His hand, still iced, came back to her face and he ran his thumb gently across her lower lip. Safe. Something they had discovered during heated teenage groping sessions, when they’d been young and giggly and crushing on each other. Before Remy.
She opened her mouth slightly, recognizing the cold slick feel of his transformed hand. Felt cold water trickle into her mouth and down her chin as her body heat melted the ice slightly.
Her tongue slid forward, scooped the pooling moisture from behind her lower lip and she swallowed hard, watched Bobby watch his thumb glide over the wet pink flesh of her lip. His face held a look that she hadn’t seen directed at her in years. Hadn’t seen directed at her in this exact form ever. This was the look of an adult, not a teenager. An adult who was feeling desire and despair at the same time.
She swept her tongue over the tip of his thumb and heard that distinctive crackle, felt her eyes go painfully dry for a second as Bobby stole the moisture from the surrounding air, used it to turn his entire body to ice. She shivered as her warm comfy perch suddenly turned cold and hard, couldn’t help the way she squeaked when his hand found the back of her neck, steered her toward his mouth.

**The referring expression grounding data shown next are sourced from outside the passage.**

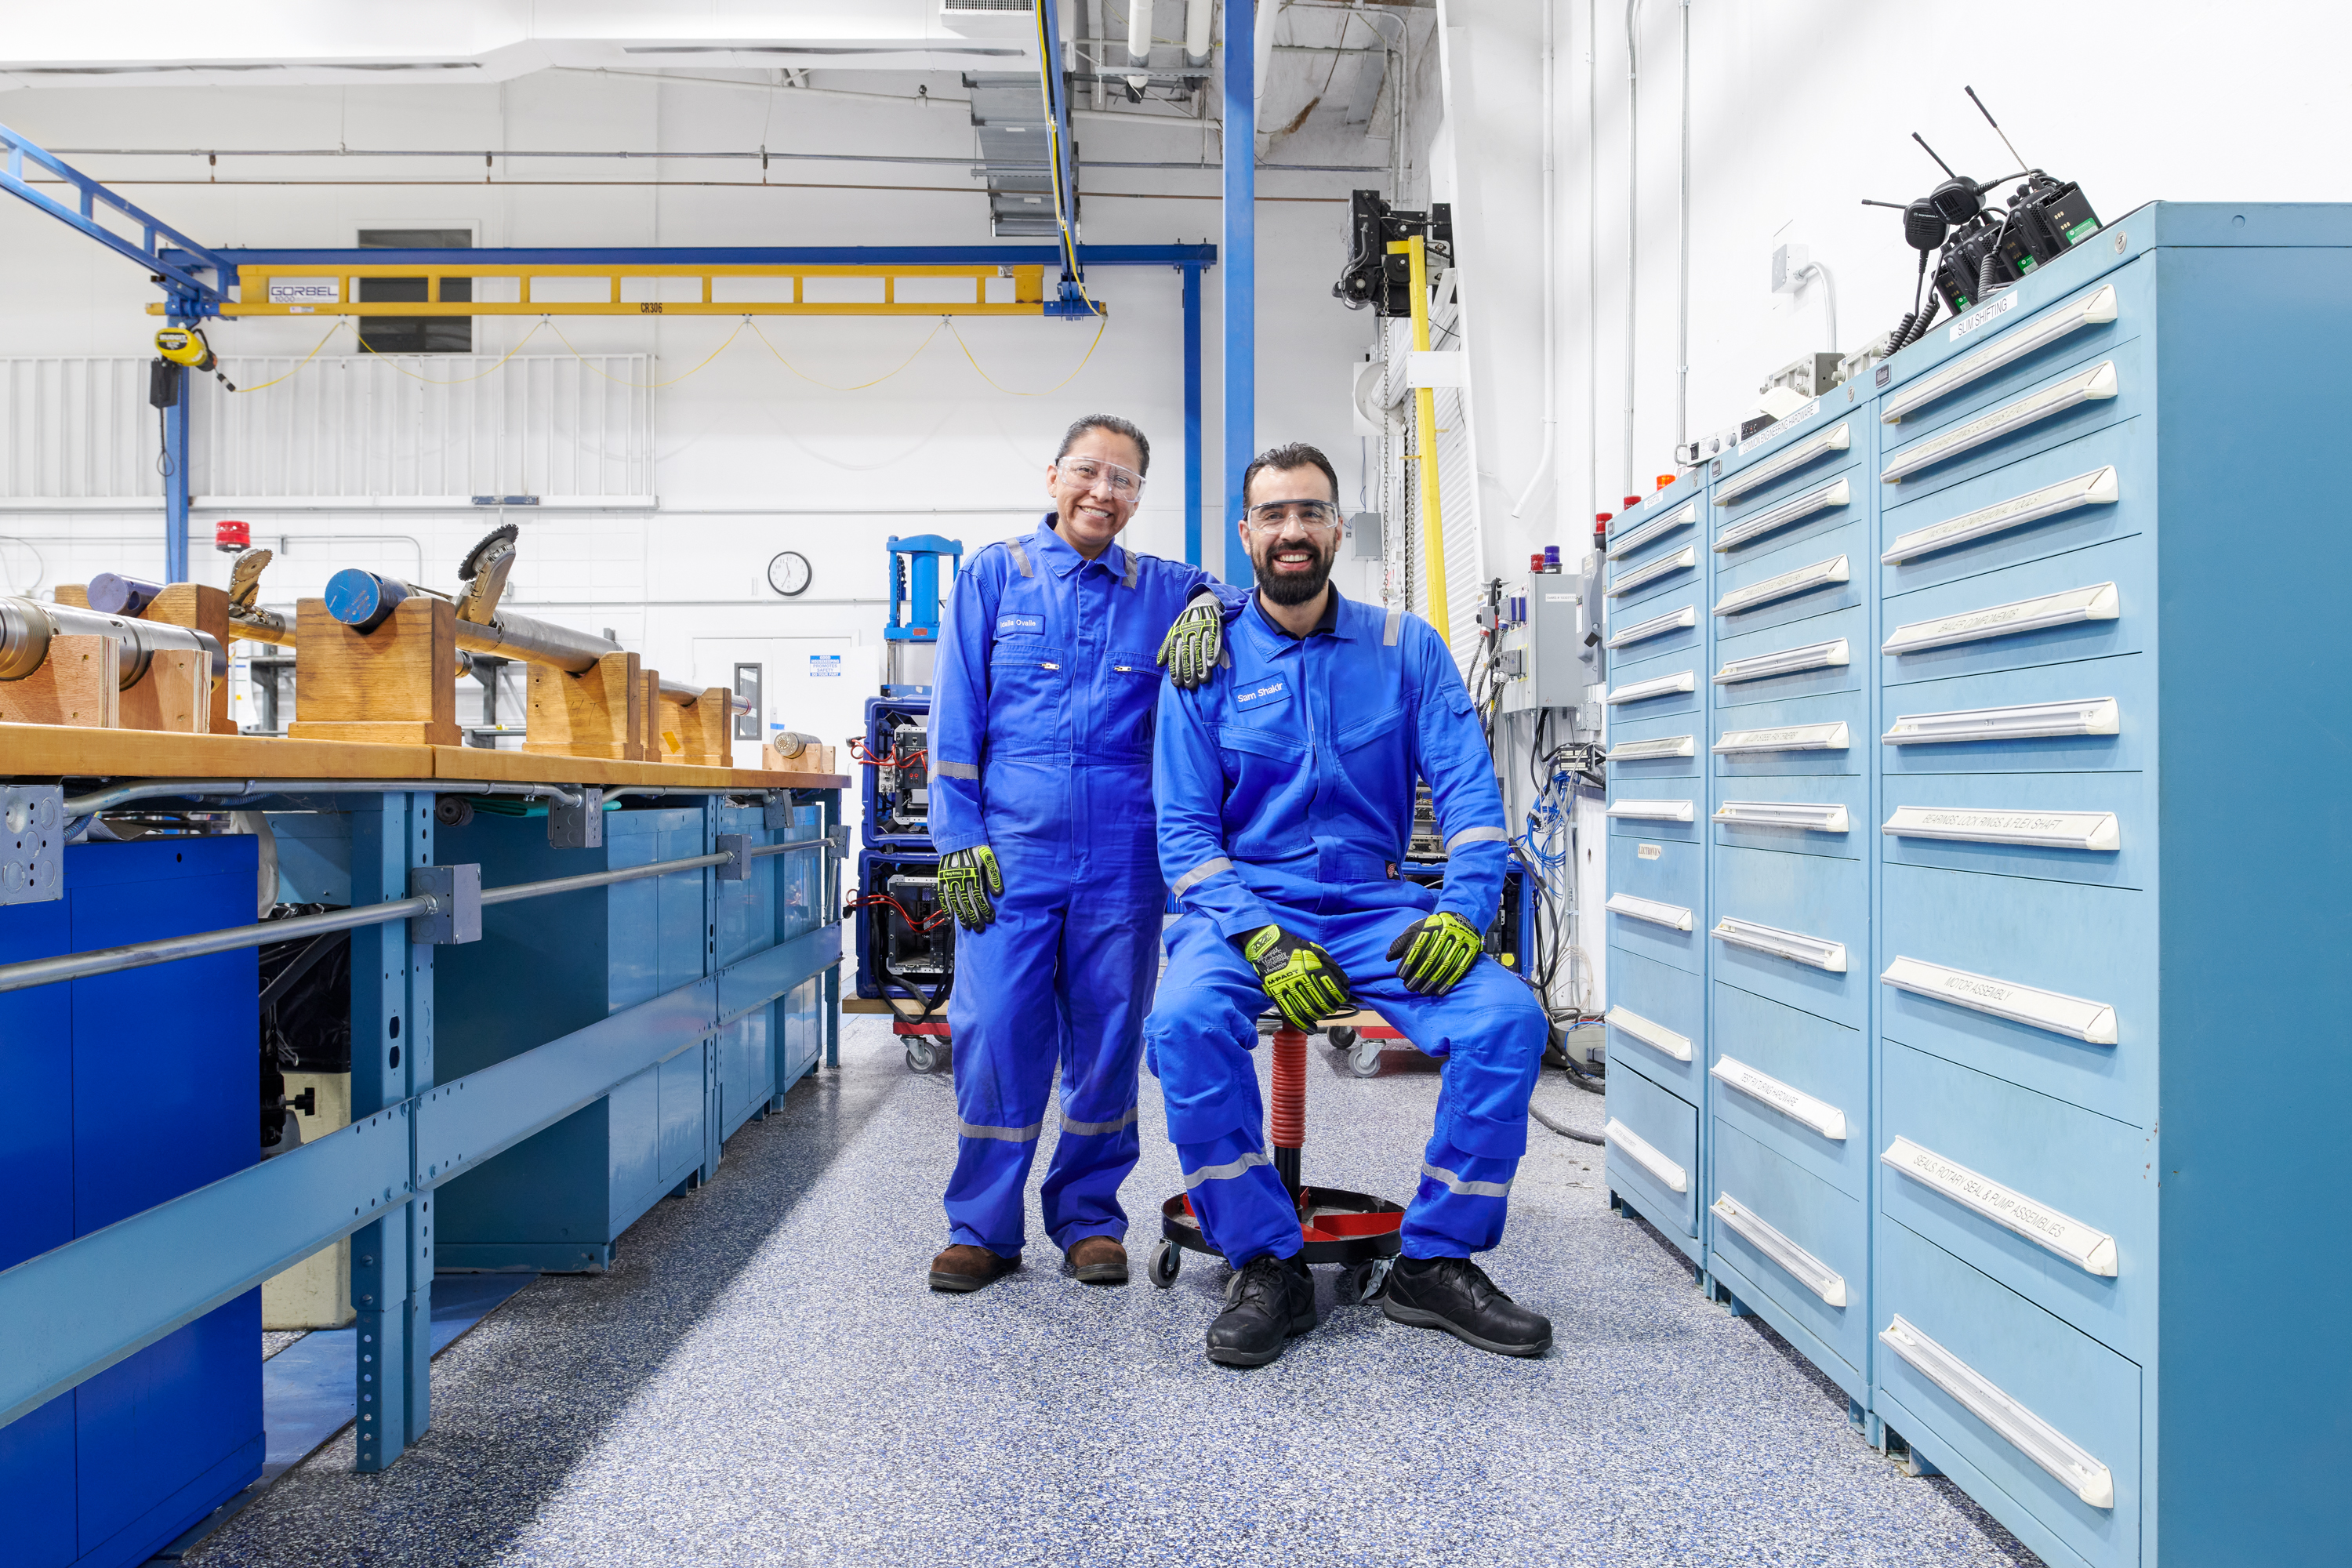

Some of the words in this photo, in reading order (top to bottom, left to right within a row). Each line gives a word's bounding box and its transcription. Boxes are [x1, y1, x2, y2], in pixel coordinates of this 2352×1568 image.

[271, 286, 338, 296] GORBEL
[641, 302, 662, 314] CR306
[1958, 317, 1974, 336] SLIM
[1975, 298, 2007, 326] SHIFTING
[1742, 435, 1762, 453] COMMON
[1760, 419, 1788, 444] ENGINEERING
[1788, 405, 1813, 426] HARDWARE
[2009, 494, 2042, 511] TOOLS
[1963, 608, 2019, 628] COMPONENTS
[1237, 692, 1257, 702] Sam
[1258, 683, 1283, 696] Shakir
[1957, 815, 1980, 826] LOCK
[2002, 818, 2013, 828] &
[2011, 818, 2034, 829] FLEX
[2031, 818, 2063, 830] SHAFT
[1639, 846, 1661, 856] LECTRONICS
[1944, 976, 1973, 992] MOTOR
[1969, 983, 2014, 1002] ASSEMBLY
[1740, 1073, 1753, 1083] TEST
[1750, 1077, 1774, 1094] FIXTURING
[1770, 1087, 1798, 1107] HARDWARE
[1913, 1154, 1938, 1173] SEALS,
[1935, 1166, 1968, 1187] ROTARY
[1963, 1180, 1985, 1197] SEAL
[1982, 1189, 1992, 1200] &
[1988, 1192, 2015, 1212] PUMP
[2012, 1204, 2065, 1238] ASSEMBLIES
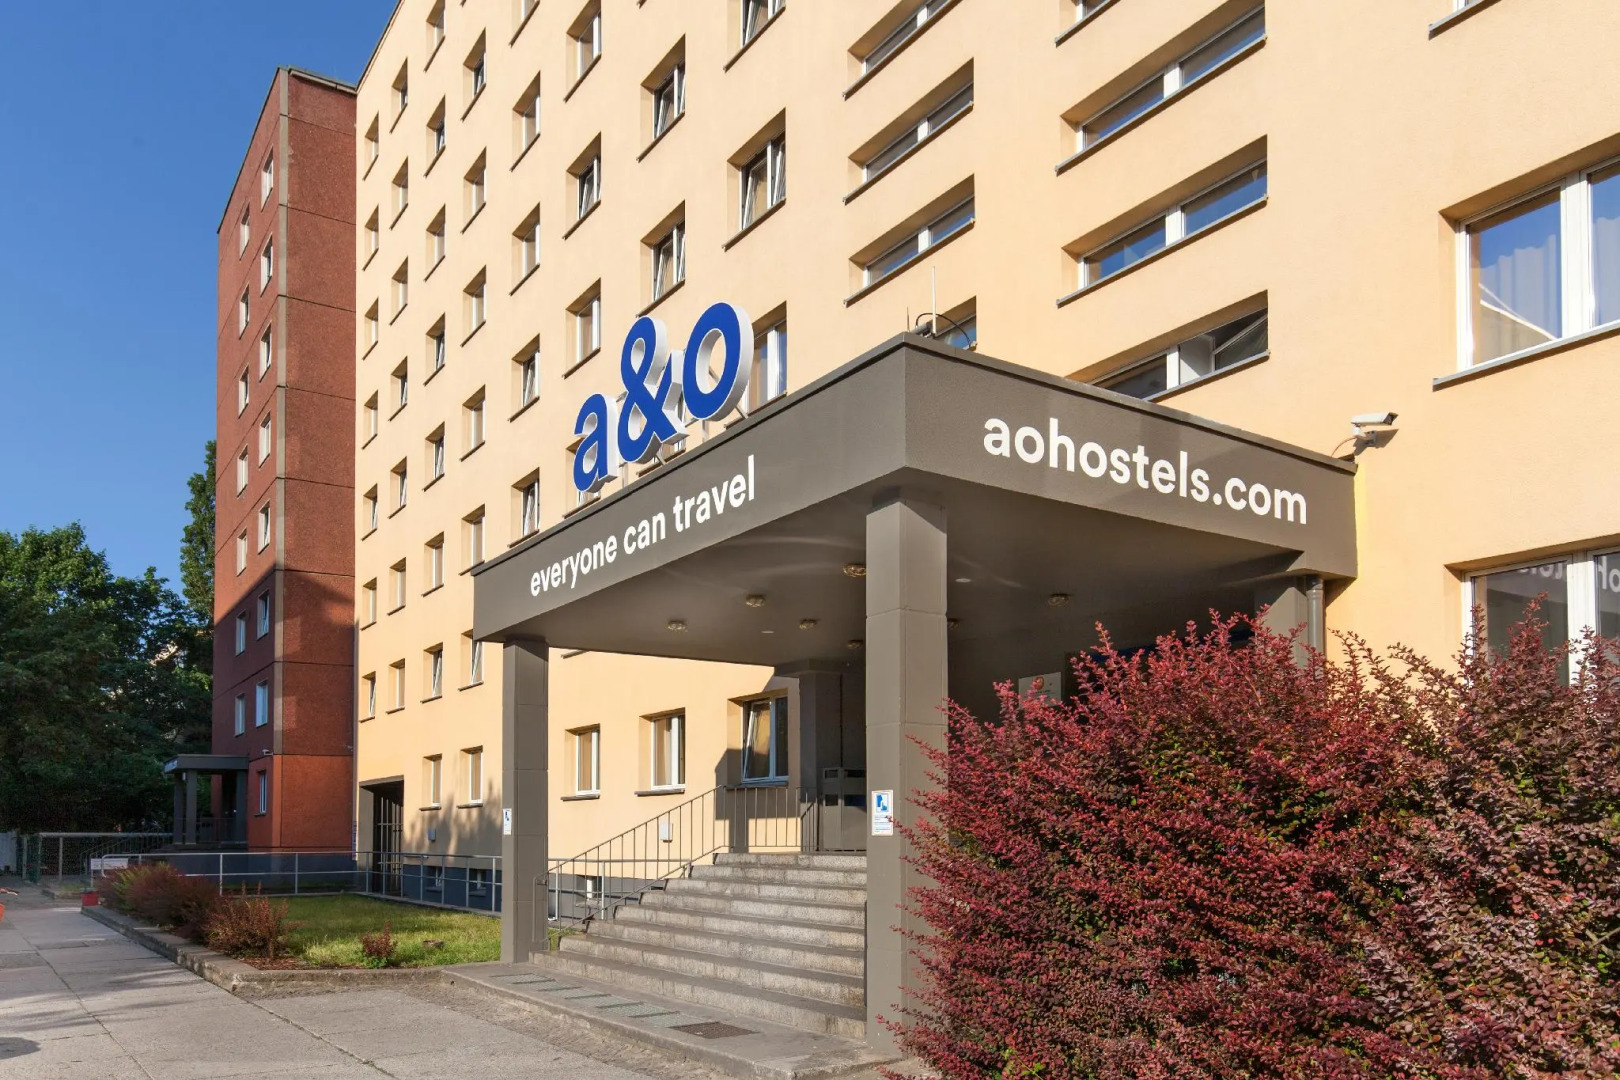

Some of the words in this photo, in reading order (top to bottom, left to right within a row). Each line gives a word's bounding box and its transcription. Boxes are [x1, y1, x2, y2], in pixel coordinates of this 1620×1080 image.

[573, 302, 751, 493] a&o
[530, 535, 618, 597] everyone
[623, 512, 666, 555] can
[672, 454, 755, 533] travel
[983, 417, 1307, 525] aohostels.com
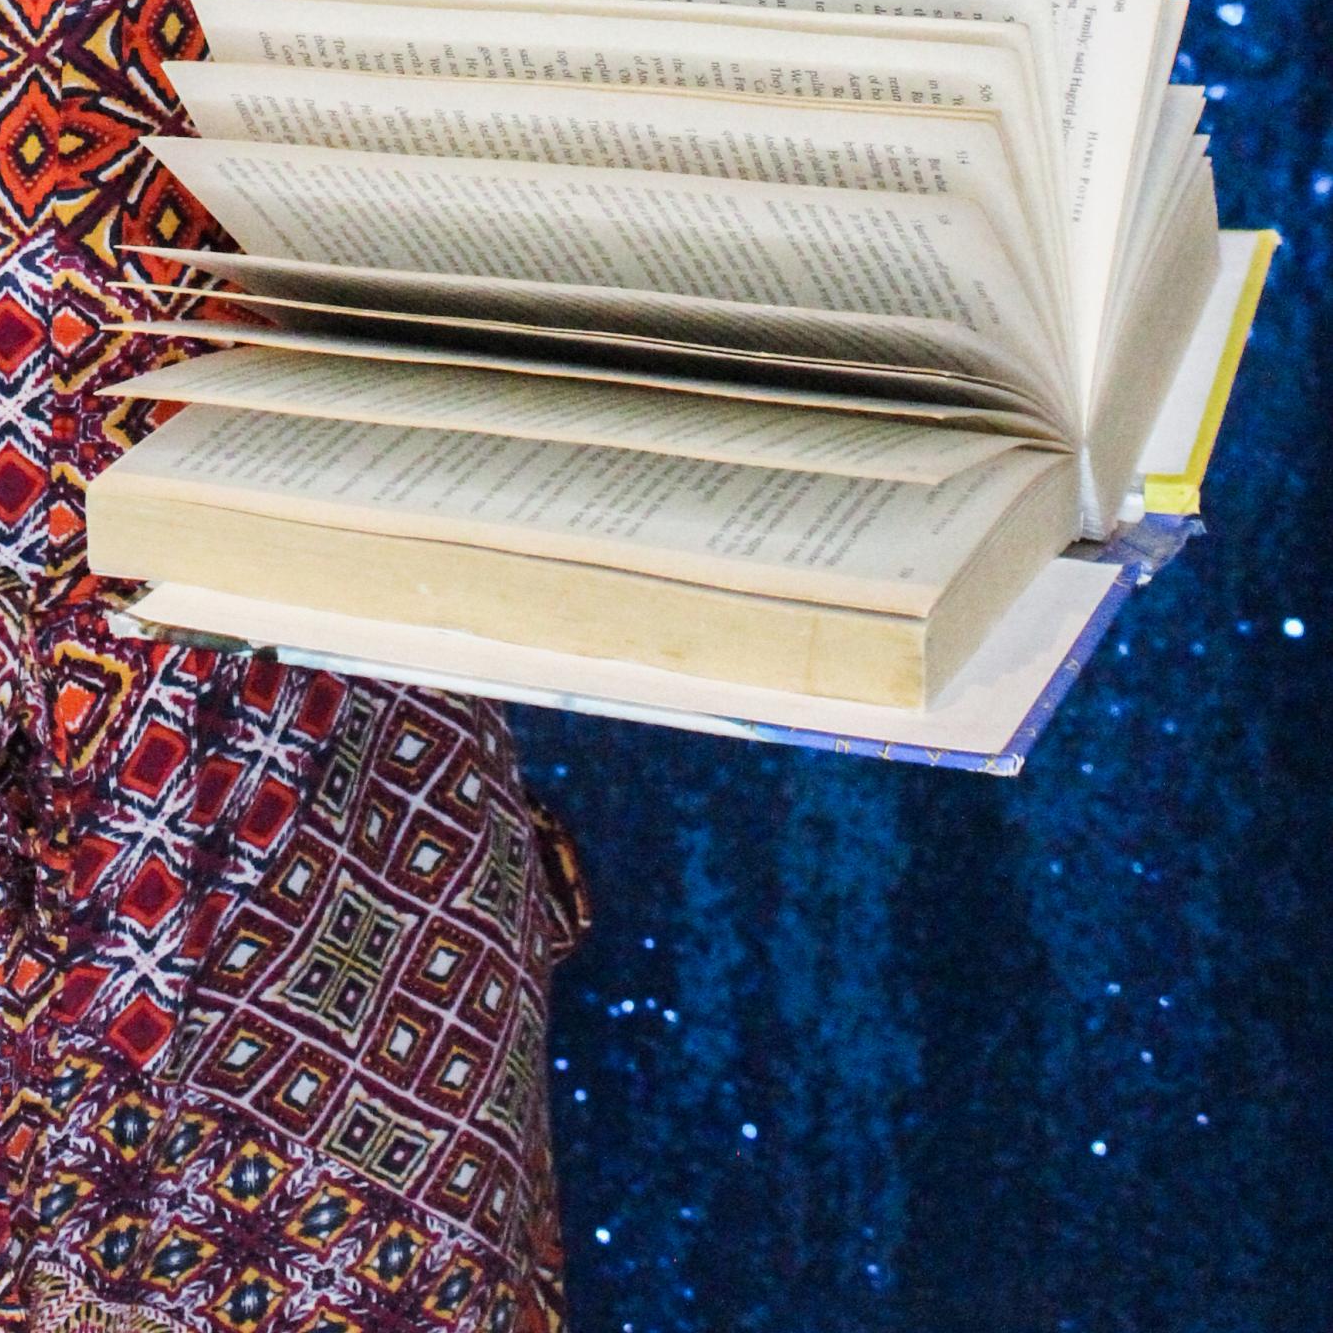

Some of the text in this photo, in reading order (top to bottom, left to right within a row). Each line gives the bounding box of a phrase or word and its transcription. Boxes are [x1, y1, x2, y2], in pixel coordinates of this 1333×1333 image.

A cold, wet Bobby kiss. So familiar, but with a new edge. One that had been borne out of the years and events that had passed since the last time they had done this. Frozen, solid hands running over her upper body, making her shake with more than the cold. Tugging on her hips, maneuvering her to straddle him, pulling her closer, pushing her down. His cheek sliding against hers, her wet hair sticking to her face. Frosty breath in her ear. “Do you want to?”
Nothing but a nod, because she was trying to keep her teeth from chattering. A skill she’d perfected years ago, then lost from lack of use. He slid his hands under her thighs and stood, sending cold water droplets in all directions as they disappeared into the passageway that led to his room.
On the table, the candle sputtered and went out.